Weather

I so enjoyed an early Mother’s Day visit from my son. He’s completely booked with his dad’s family’s goings-on and work travel, so I am glad I had a glimpse of him amidst his active life. And his visit was blessed with pristine spring weather– no humidity, bright sunshine, cool breezes.

I should have known.

So hurricane season “officially” begins in the summer, June 1. Instead of following the rules, Mother Nature decides, 4 days after my son’s departure, to sling a messy tropical storm at us. And landfall is right here, the coastline where I live. We began seeing the first rain bands yesterday, more today, much more grey, humidity that soaks your socks inside your shoes and some pretty hefty winds. Though the center of the storm is not expected to come in till tomorrow morning the storm introduces itself to us in its wet and windy chaos long before.

This does not interfere with my rescue dog Lily’s morning constitution. We still go to the park, still ran our 2 + miles around the lake. We then drove to the beach through off-on spitting/deluging rains, gusty winds to see what the surf looked like.

Pretty wild. Nobody in the 70 degree water, either surfing or swimming. I learned that rip currents happen because the winds are pushing the water currents in all directions so though the waves crash like normal on shore underneath them all hell is breaking loose. Not somewhere anyone wants to be. The rescue vehicles patrolled the beaches ensuring nobody was dumb enough to try to outdo nature, which they were not.

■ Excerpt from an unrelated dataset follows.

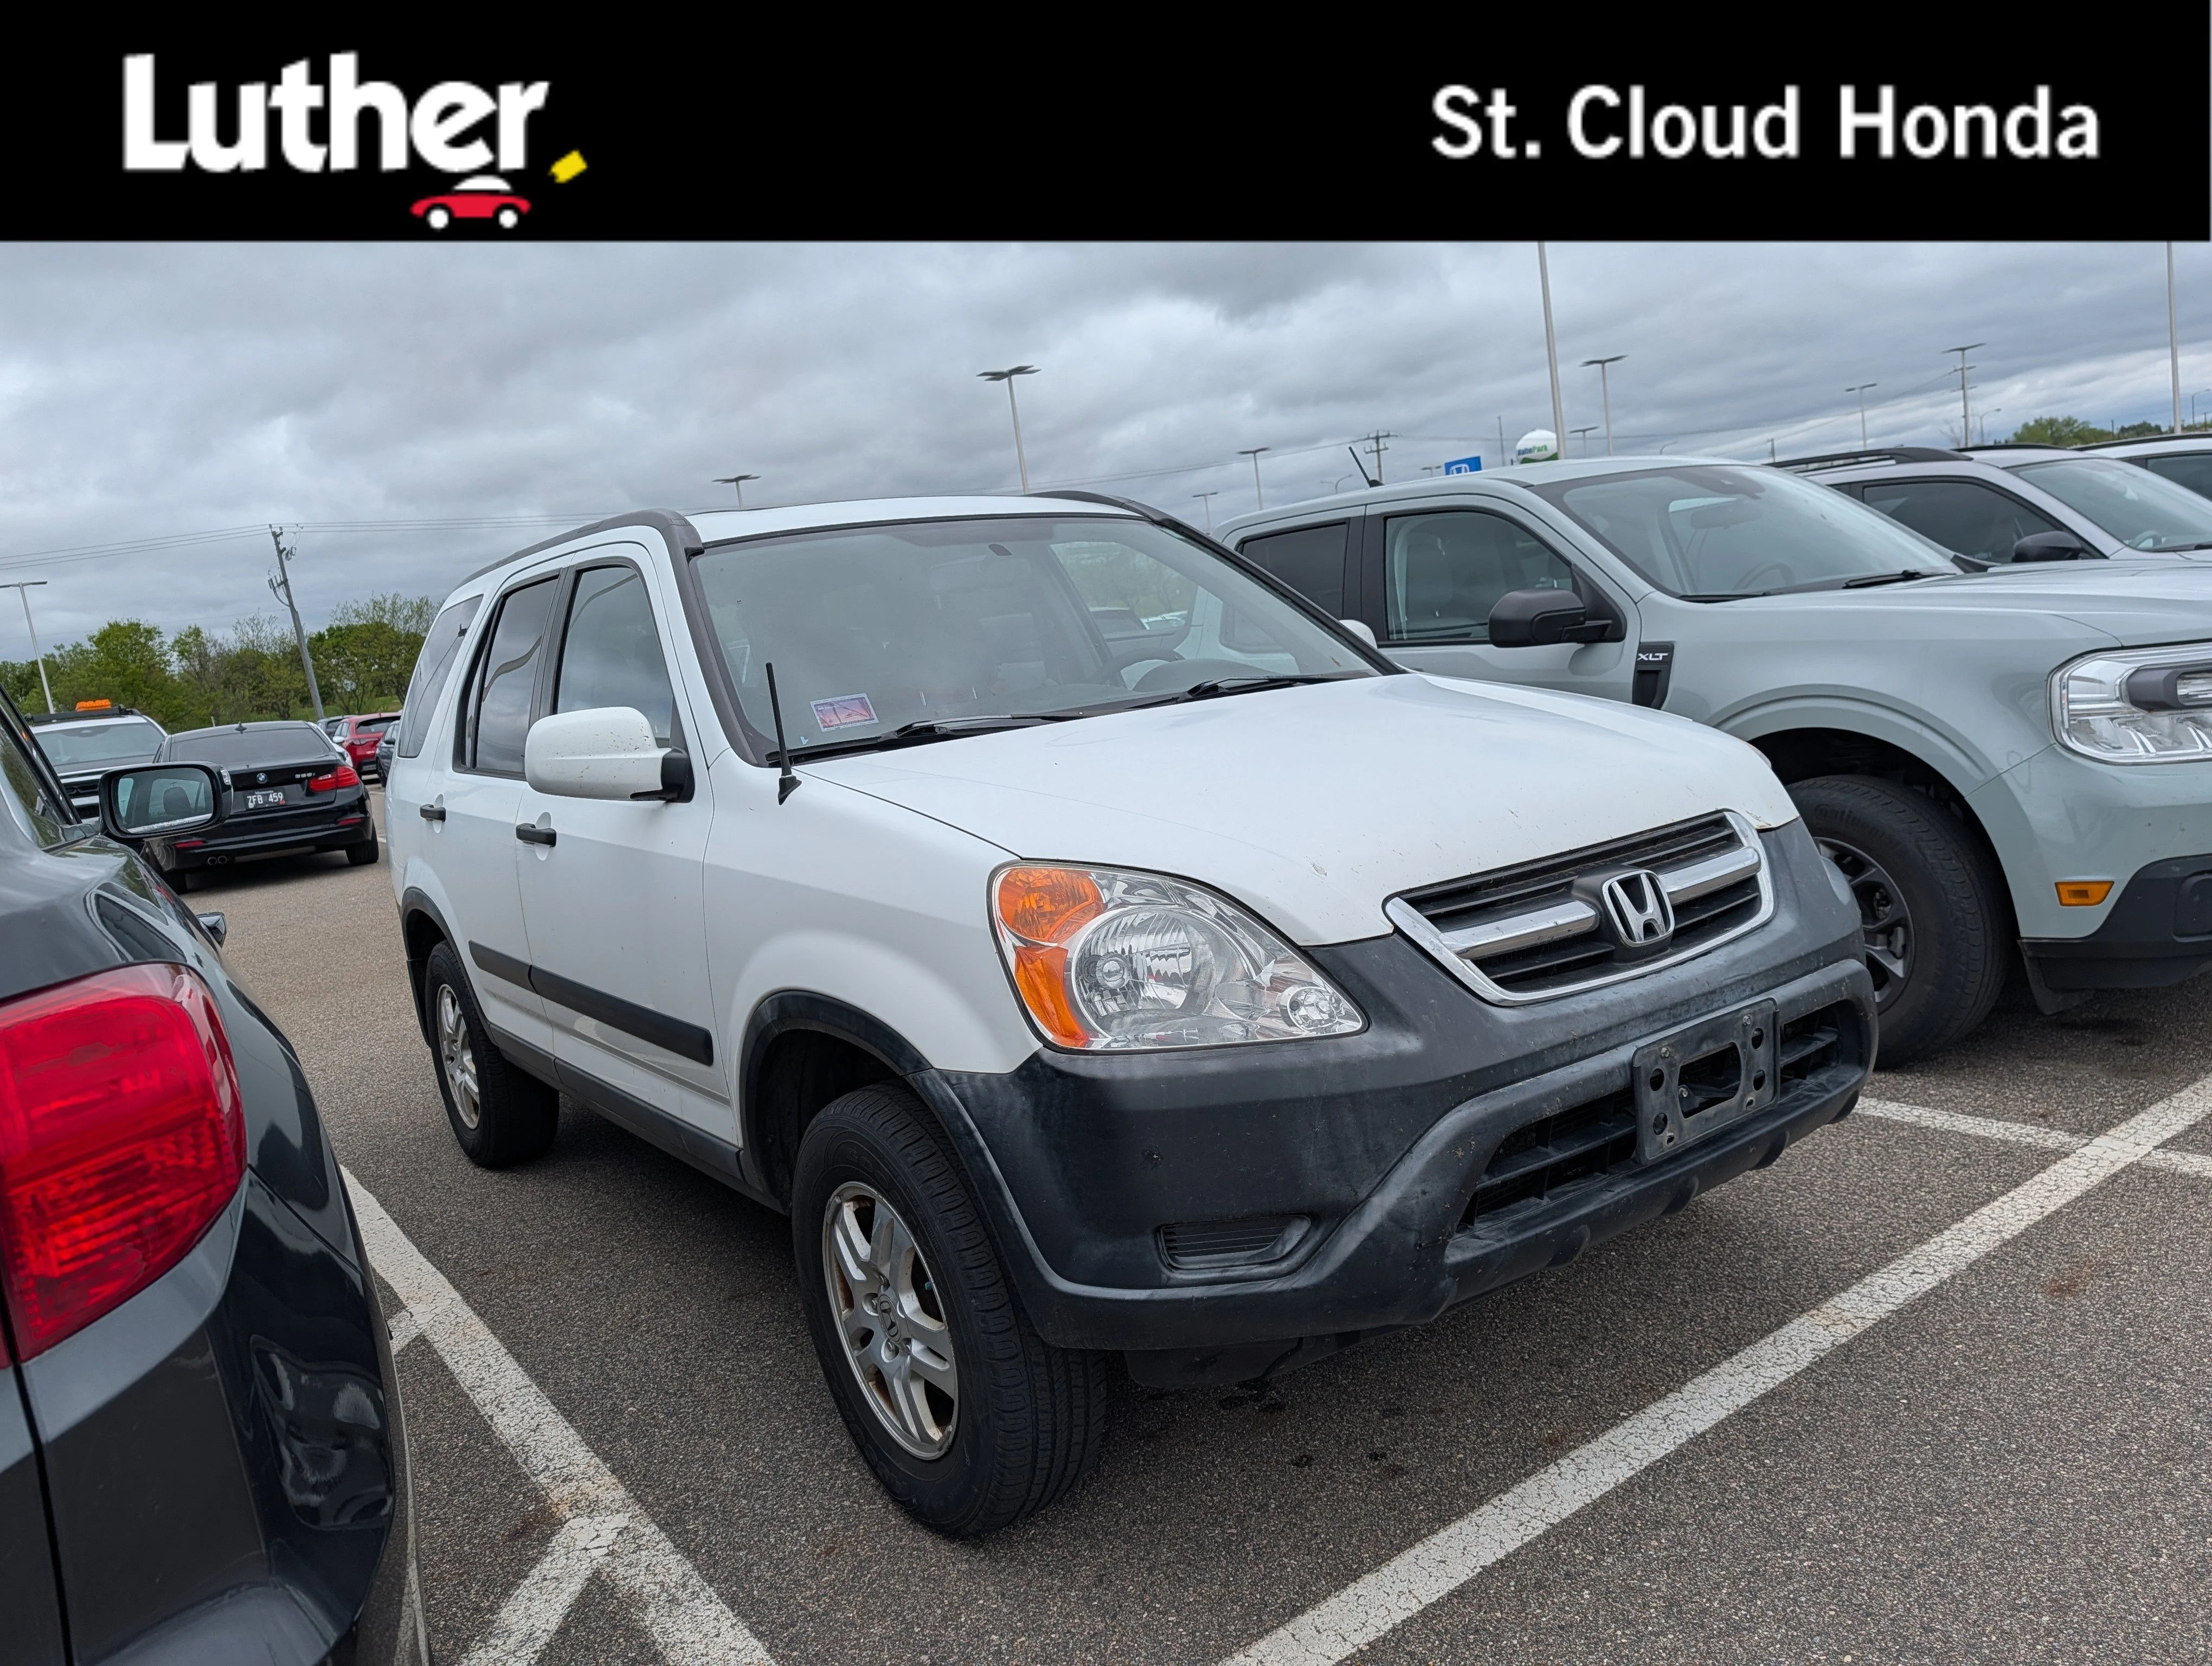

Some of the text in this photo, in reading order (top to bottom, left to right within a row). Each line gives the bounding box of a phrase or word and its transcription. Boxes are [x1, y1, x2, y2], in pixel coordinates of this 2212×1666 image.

But the surf. Wispy froth flying away from waves that crested maybe 30-40 yards offshore. Six-8 foot high, the waves crashed in arcing foam scouring the shoreline of any shells or sea life. My son and I had marveled at the number of periwinkles (tiny mollusks, a delicacy for gulls and other shore birds) washed up with each gentle wave as we ambled along the shoreline.

No periwinkles today.

And after a few days when the storm has turned back to the northeast and begun again in earnest to seek out the warm gulfstream waters the sun will shine, the winds and waves will calm.